Output the line containing "this 1904×1428 image." and all subsequent lines of the listing below, copied exactly, with no other lines.

START Material to process

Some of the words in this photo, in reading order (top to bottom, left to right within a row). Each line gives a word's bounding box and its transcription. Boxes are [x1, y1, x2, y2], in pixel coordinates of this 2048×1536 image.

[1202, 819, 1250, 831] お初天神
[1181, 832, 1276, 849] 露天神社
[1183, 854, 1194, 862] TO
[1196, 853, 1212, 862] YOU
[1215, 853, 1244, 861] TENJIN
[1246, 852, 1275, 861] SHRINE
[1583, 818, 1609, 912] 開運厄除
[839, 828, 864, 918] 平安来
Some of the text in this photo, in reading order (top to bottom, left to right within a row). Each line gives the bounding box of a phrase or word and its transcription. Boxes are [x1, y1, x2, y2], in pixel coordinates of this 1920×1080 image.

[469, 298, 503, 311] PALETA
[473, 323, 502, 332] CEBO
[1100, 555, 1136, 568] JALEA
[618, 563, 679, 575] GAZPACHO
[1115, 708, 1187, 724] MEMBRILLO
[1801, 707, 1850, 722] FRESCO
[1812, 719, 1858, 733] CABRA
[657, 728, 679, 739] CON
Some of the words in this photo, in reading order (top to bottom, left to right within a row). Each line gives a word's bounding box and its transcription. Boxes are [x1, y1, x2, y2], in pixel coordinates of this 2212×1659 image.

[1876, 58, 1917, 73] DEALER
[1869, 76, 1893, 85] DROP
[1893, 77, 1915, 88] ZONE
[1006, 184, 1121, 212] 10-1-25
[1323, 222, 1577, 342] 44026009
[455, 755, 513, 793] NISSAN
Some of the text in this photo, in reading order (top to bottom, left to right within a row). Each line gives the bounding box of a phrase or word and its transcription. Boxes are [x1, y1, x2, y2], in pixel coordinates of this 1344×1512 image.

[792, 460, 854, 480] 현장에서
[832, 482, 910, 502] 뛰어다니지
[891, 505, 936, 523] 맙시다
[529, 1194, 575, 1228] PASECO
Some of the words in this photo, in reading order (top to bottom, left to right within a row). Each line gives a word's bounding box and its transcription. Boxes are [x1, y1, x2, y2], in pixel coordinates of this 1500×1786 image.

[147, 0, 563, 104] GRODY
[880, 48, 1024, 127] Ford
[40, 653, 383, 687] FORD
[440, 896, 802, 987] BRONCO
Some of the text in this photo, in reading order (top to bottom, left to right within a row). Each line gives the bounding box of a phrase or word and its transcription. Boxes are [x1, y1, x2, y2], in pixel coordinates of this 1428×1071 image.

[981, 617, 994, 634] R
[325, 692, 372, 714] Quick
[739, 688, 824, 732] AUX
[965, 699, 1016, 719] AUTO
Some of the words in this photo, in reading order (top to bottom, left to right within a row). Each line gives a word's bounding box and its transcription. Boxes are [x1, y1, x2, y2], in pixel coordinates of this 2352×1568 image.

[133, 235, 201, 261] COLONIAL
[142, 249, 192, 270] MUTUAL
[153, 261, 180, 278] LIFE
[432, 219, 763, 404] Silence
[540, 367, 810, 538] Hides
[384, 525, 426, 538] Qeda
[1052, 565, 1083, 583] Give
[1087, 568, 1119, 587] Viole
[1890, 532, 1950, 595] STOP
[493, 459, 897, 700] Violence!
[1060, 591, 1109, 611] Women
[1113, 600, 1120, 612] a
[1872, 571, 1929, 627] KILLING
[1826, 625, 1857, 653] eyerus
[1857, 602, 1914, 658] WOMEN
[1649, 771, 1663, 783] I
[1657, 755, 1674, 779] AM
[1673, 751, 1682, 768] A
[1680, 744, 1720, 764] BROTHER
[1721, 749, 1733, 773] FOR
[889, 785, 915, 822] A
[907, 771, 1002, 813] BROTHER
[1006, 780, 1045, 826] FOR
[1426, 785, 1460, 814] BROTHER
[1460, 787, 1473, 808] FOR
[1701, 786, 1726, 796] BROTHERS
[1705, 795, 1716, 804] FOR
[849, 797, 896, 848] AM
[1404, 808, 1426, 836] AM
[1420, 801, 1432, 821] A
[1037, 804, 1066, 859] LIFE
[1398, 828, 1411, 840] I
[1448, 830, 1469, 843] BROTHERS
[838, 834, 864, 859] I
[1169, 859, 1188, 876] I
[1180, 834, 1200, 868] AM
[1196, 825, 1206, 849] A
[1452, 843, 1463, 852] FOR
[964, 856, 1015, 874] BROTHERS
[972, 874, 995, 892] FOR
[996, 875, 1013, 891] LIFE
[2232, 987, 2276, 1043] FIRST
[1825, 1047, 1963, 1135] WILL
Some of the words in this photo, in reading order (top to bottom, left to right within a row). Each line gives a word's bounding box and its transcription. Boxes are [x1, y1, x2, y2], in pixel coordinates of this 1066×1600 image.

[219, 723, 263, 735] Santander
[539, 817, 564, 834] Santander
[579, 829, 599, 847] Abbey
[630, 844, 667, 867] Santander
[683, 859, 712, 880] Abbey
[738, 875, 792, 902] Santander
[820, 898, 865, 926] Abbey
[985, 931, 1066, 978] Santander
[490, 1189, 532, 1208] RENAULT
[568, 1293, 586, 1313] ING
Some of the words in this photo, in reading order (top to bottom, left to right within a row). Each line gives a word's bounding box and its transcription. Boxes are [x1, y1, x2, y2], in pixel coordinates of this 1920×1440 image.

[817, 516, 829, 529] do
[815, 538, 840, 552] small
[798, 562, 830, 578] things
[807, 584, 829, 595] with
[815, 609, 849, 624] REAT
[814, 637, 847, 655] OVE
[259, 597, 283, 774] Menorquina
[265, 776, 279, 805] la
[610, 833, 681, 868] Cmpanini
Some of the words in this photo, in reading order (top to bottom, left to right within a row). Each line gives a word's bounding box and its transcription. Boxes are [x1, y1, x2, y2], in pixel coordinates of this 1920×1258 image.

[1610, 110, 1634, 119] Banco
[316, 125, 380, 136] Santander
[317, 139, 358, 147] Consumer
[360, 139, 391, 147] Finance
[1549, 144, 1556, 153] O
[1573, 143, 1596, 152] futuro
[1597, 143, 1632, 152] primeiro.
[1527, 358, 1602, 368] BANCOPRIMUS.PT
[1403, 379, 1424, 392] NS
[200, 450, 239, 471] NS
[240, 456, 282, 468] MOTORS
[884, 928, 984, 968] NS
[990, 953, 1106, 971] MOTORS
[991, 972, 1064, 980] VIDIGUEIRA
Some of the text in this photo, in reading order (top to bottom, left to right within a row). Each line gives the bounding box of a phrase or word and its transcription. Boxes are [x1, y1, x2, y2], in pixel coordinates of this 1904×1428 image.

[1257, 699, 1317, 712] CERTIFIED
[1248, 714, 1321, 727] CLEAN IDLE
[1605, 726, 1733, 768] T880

END Material to process

Exercise output:
Some of the text in this photo, in reading order (top to bottom, left to right within a row). Each line gives the bounding box of a phrase or word and its transcription. Boxes are [x1, y1, x2, y2], in pixel coordinates of this 1904×1428 image.

[1257, 699, 1317, 712] CERTIFIED
[1248, 714, 1321, 727] CLEAN IDLE
[1605, 726, 1733, 768] T880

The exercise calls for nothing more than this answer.